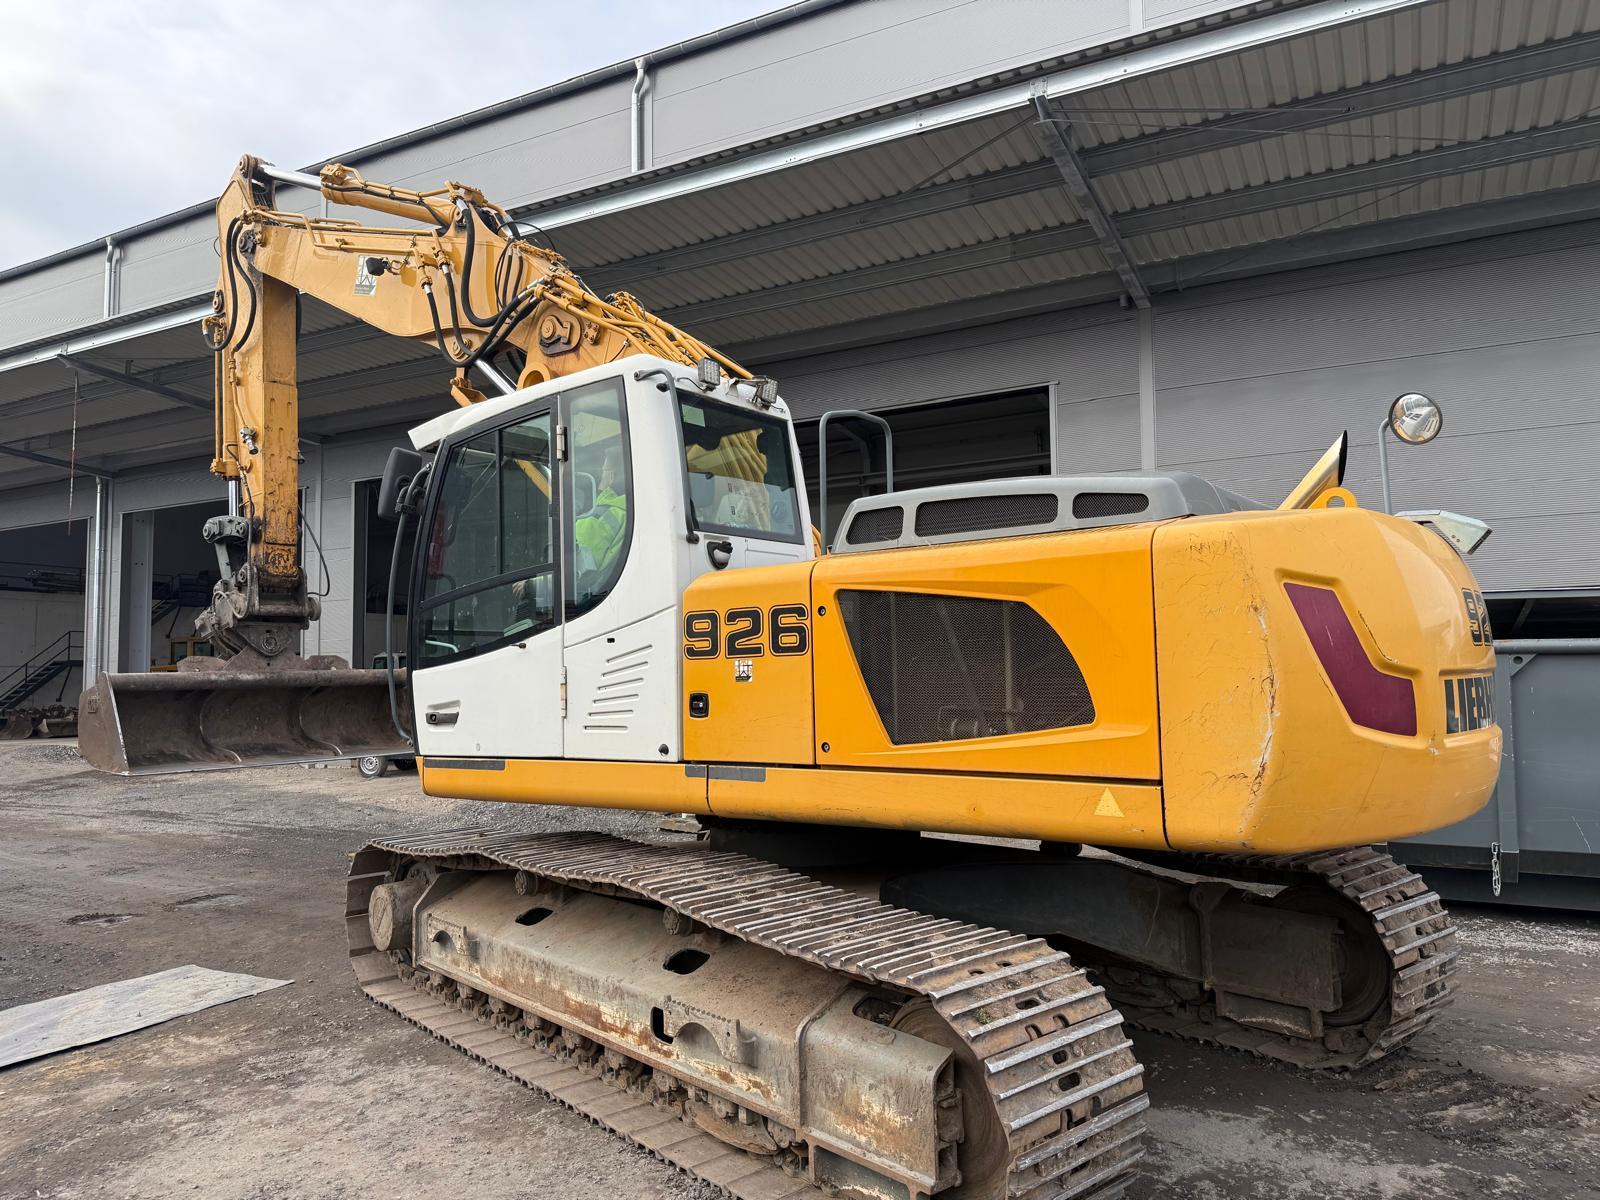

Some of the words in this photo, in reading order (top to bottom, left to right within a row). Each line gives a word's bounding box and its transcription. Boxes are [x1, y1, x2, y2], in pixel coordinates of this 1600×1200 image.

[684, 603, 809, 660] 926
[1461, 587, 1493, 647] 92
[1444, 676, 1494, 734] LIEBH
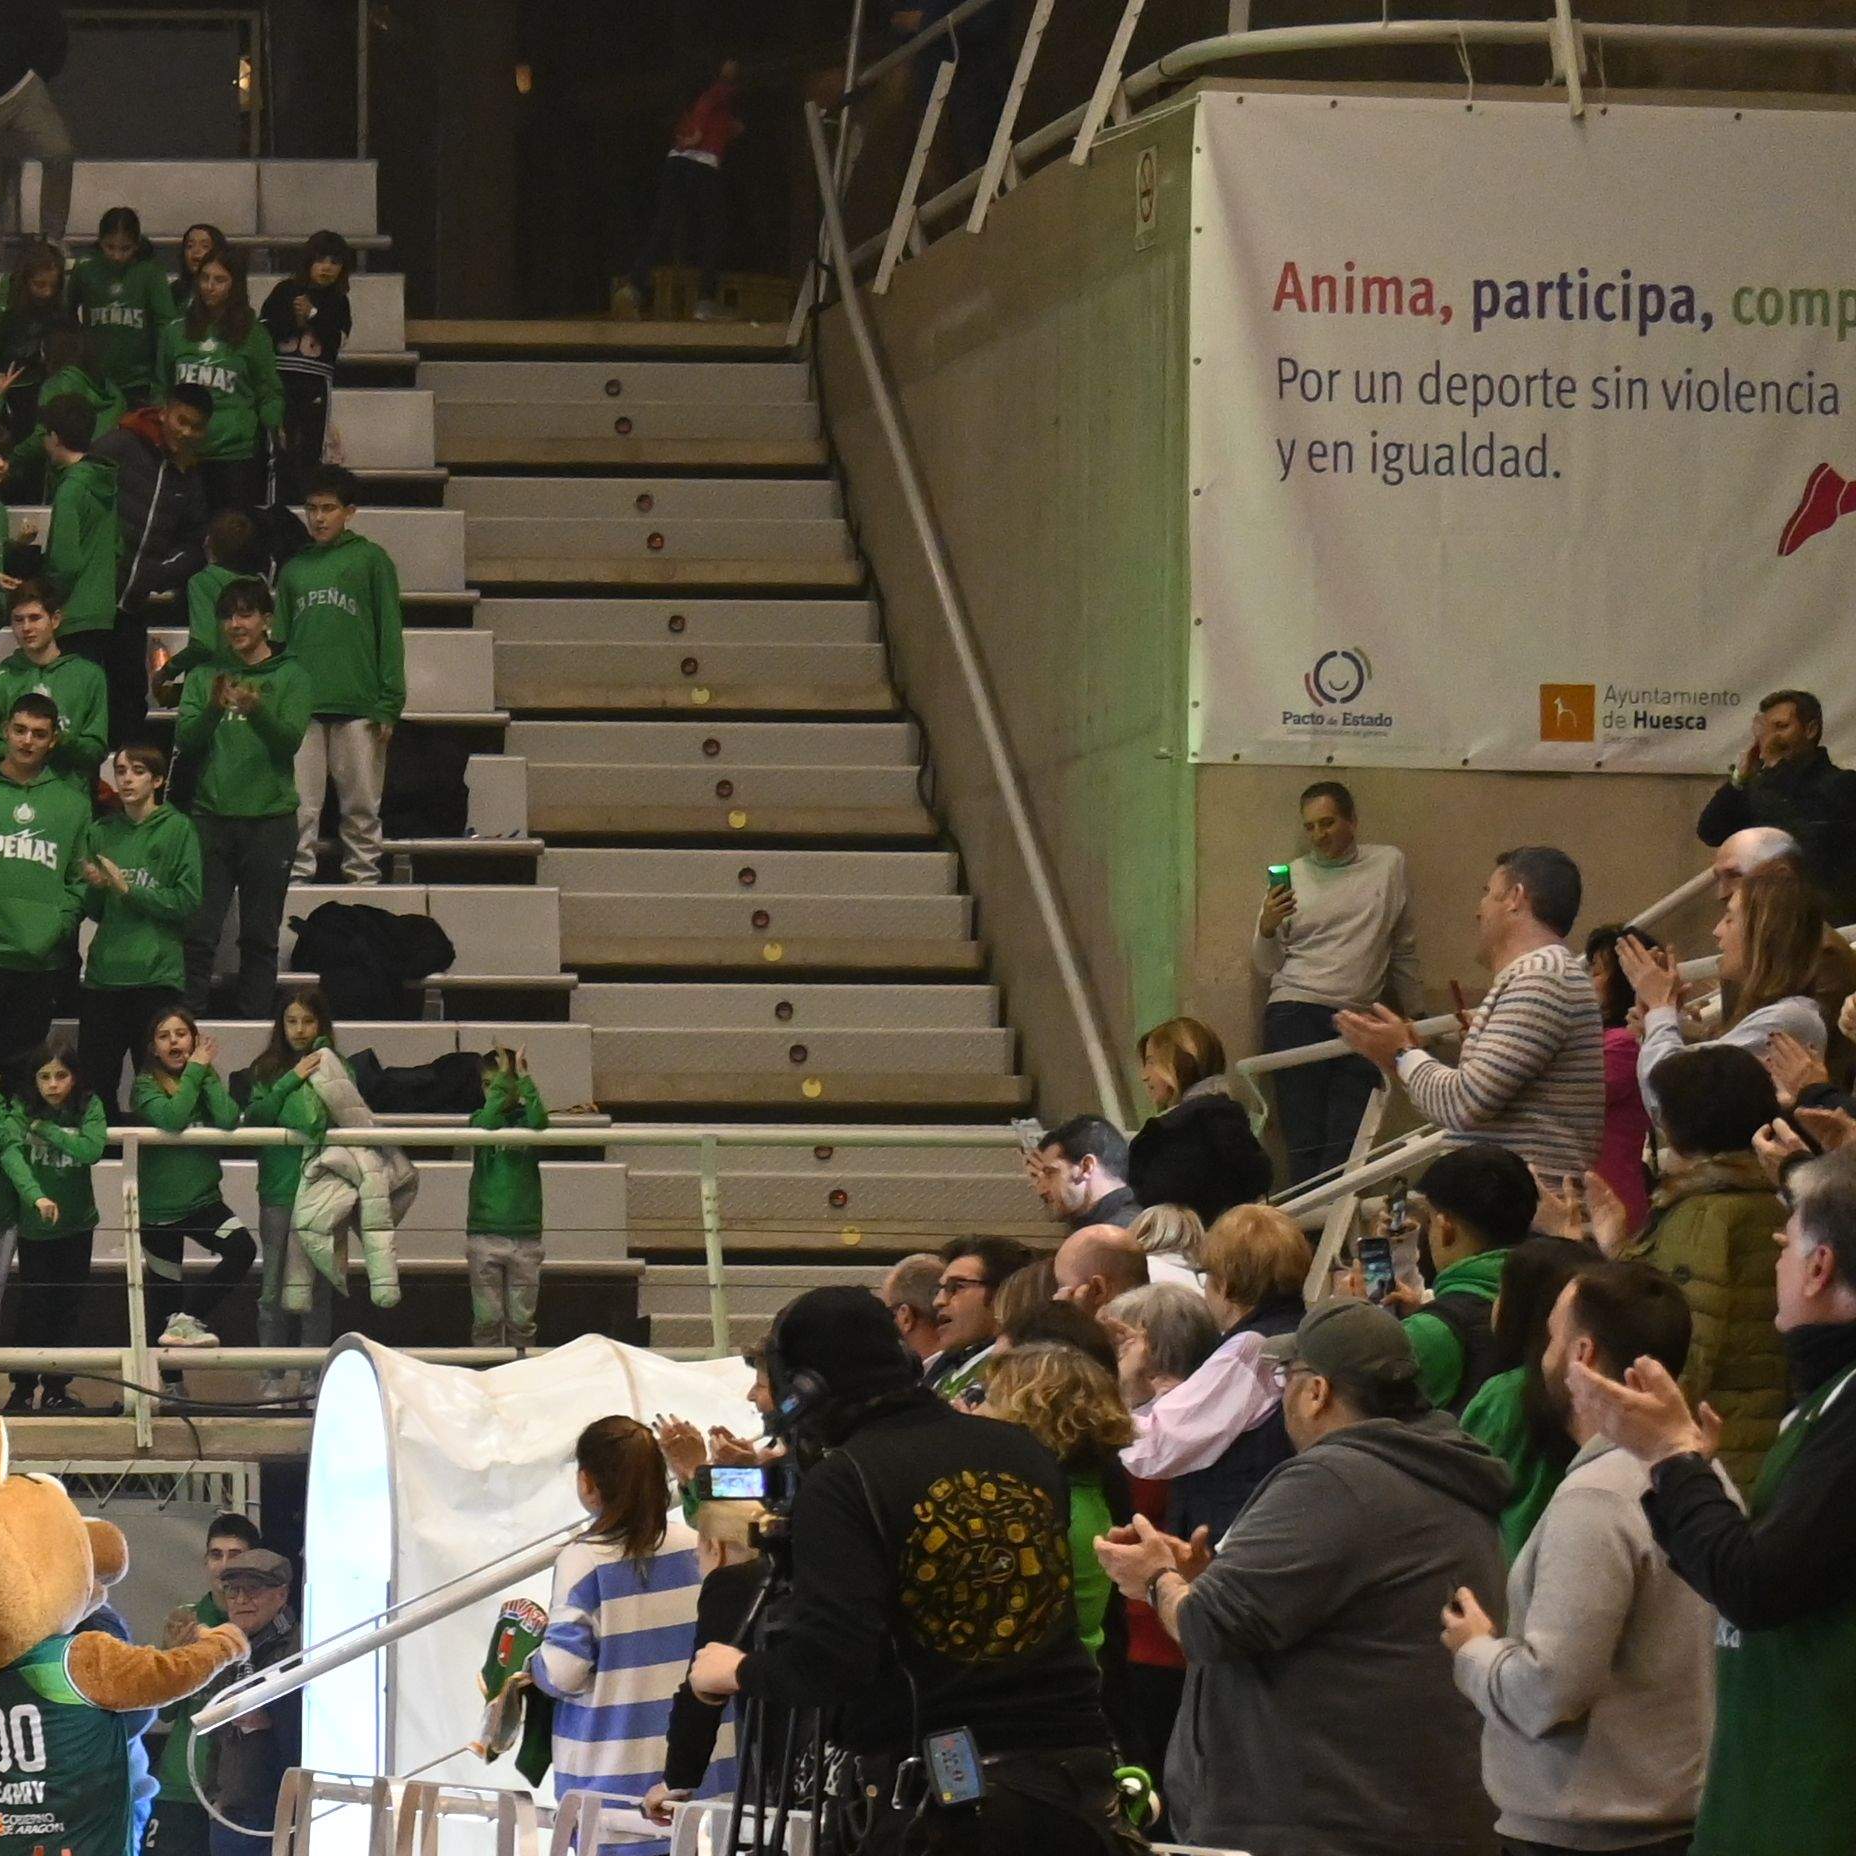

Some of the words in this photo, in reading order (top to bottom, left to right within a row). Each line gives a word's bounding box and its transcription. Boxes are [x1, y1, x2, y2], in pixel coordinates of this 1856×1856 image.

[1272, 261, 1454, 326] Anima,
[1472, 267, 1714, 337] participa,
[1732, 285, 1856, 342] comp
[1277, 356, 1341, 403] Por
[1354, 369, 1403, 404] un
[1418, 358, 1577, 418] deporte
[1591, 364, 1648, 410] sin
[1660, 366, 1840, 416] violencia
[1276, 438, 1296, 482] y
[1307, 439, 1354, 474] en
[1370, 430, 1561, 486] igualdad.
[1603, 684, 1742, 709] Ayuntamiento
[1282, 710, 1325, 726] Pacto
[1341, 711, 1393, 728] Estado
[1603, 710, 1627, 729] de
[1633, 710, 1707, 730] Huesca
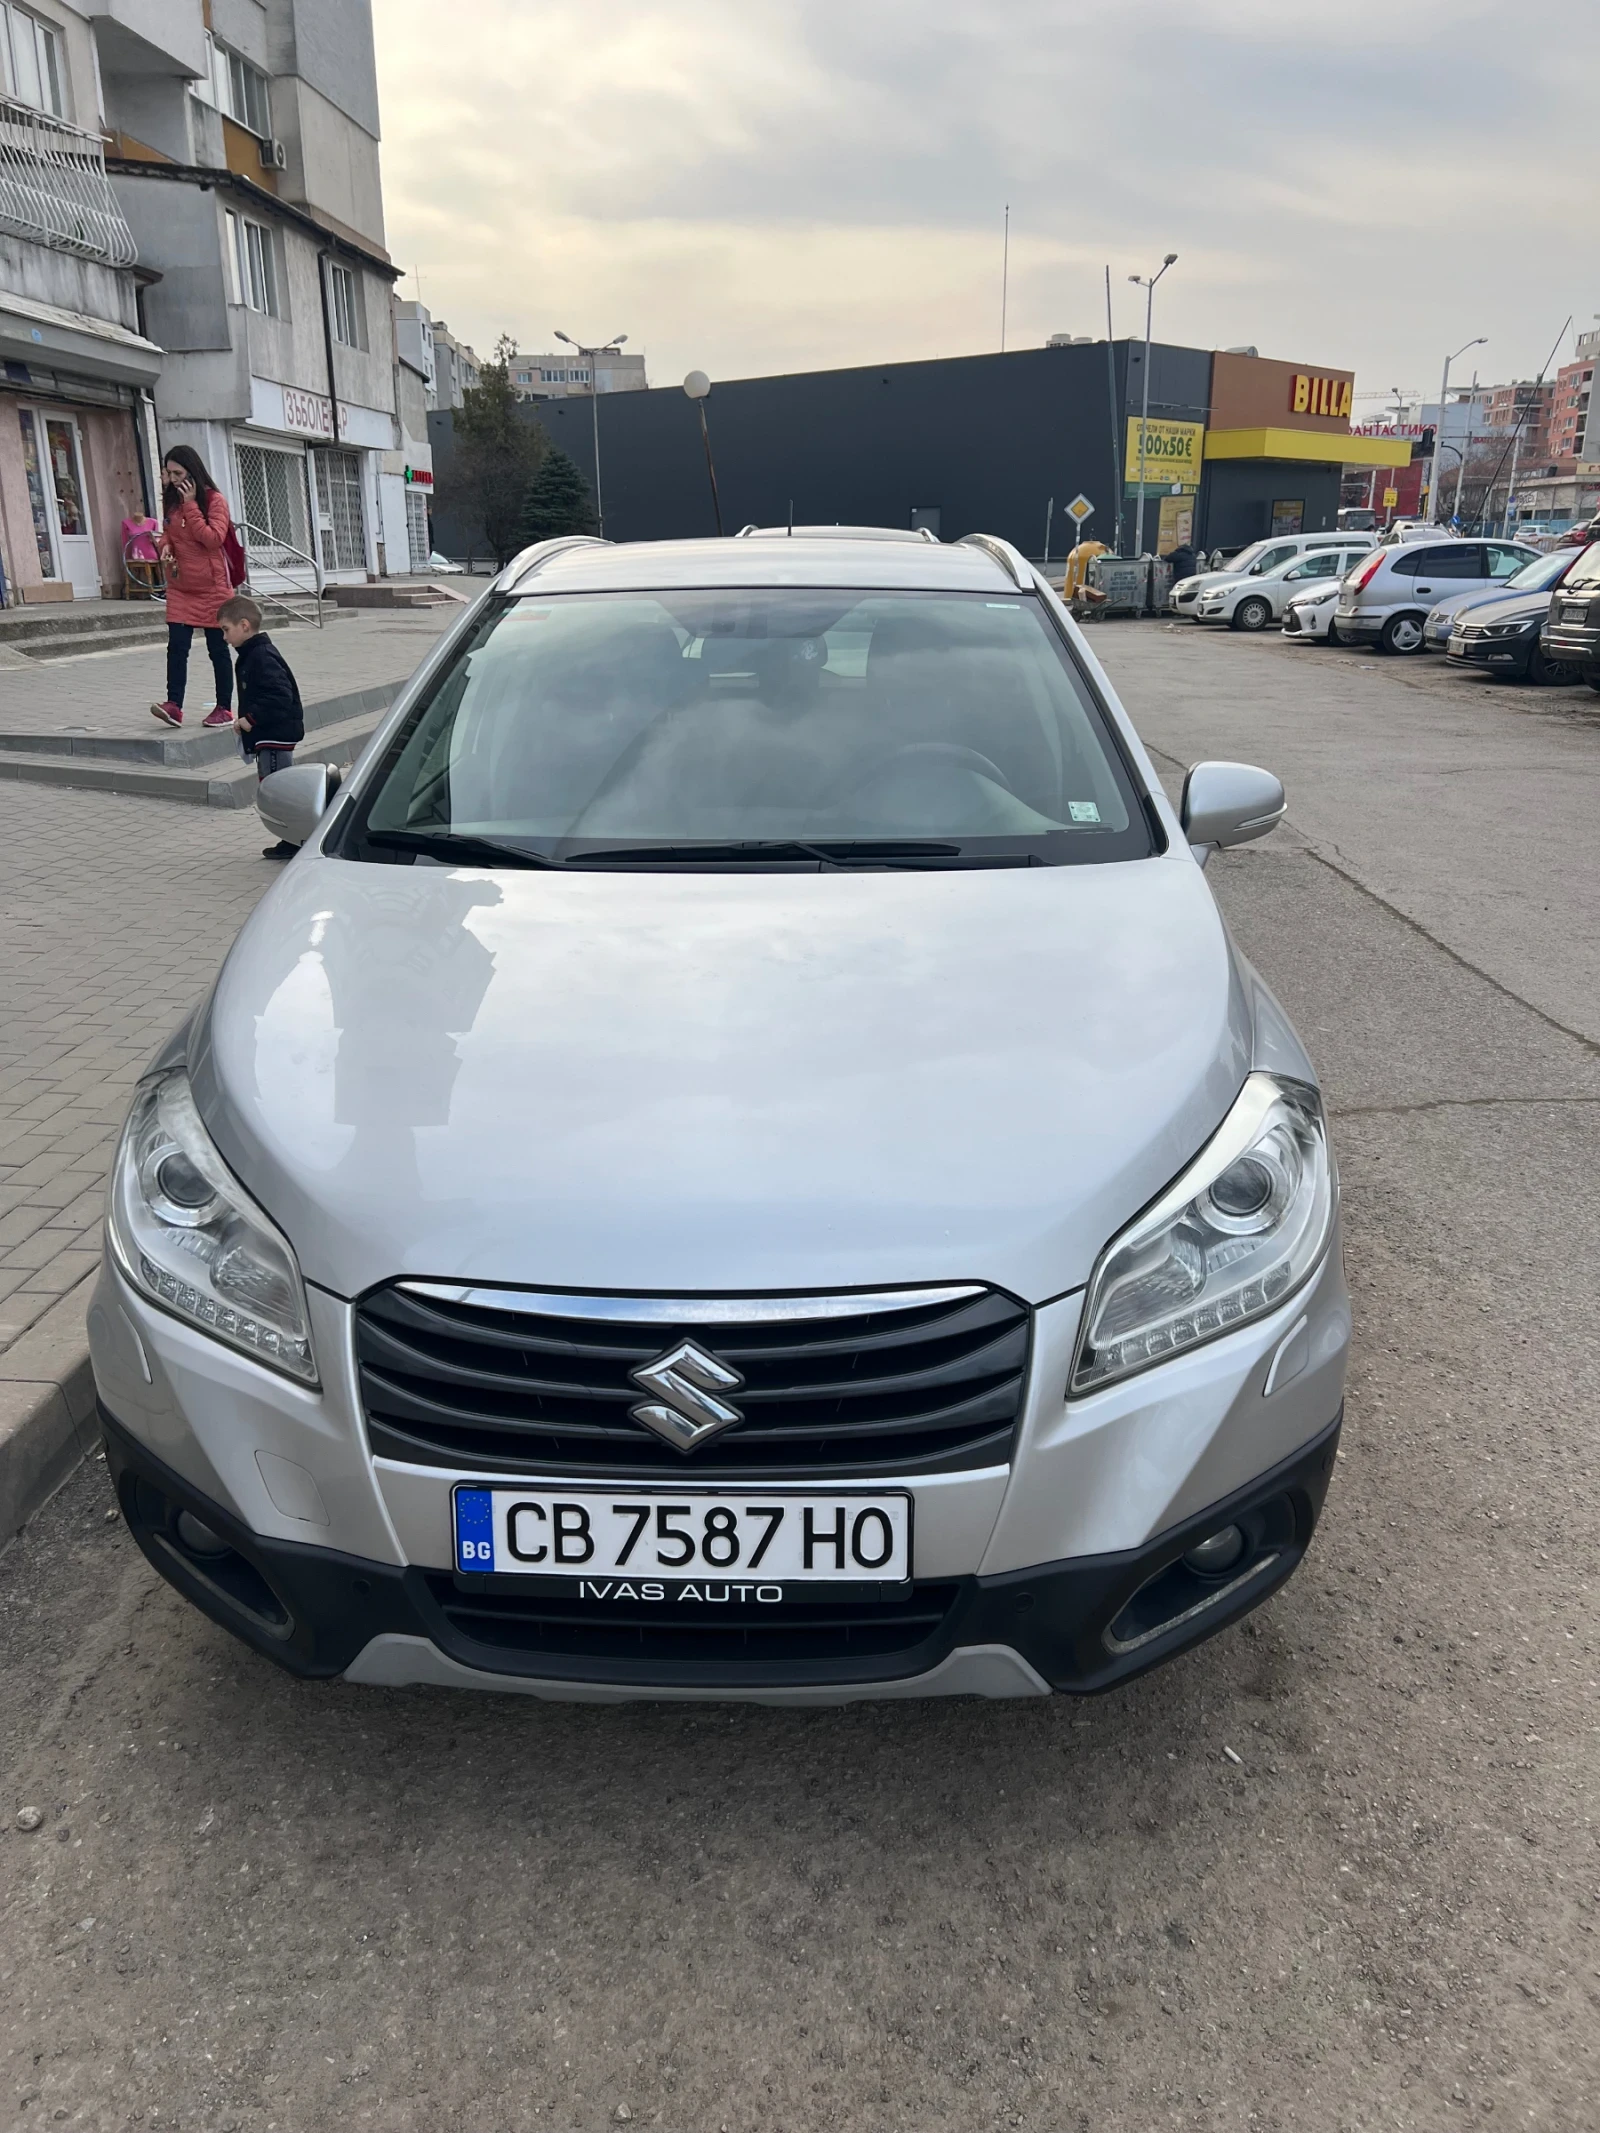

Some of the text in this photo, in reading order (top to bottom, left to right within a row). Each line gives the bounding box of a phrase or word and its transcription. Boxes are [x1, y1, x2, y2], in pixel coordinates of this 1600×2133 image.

WHAT THE EXERCISE ASKS:
Copy out every line above, word for word, minus images.

RESPONSE BOX:
Some of the words in this photo, in reading order (top to bottom, left to right within a row). Each line gives a word's bounding box and its transcription. Boxes are [x1, y1, x2, y2], in pixel coordinates of this 1600×1200 image.

[684, 603, 809, 660] 926
[1461, 587, 1493, 647] 92
[1444, 676, 1494, 734] LIEBH

Some of the words in this photo, in reading order (top to bottom, left to right within a row). Each line gives a word's bounding box and its transcription. Boxes are [x1, y1, x2, y2], in pixel coordinates of this 1856×1856 image.

[1272, 261, 1454, 326] Anima,
[1472, 267, 1714, 337] participa,
[1732, 285, 1856, 342] comp
[1277, 356, 1341, 403] Por
[1354, 369, 1403, 404] un
[1418, 358, 1577, 418] deporte
[1591, 364, 1648, 410] sin
[1660, 366, 1840, 416] violencia
[1276, 438, 1296, 482] y
[1307, 439, 1354, 474] en
[1370, 430, 1561, 486] igualdad.
[1603, 684, 1742, 709] Ayuntamiento
[1282, 710, 1325, 726] Pacto
[1341, 711, 1393, 728] Estado
[1603, 710, 1627, 729] de
[1633, 710, 1707, 730] Huesca

Some of the text in this photo, in reading order (top to bottom, left to right within a row). Each line gives the bounding box of a phrase or word and its transcription. Boxes are [x1, y1, x2, y2], in pixel coordinates of this 1600×2133 image.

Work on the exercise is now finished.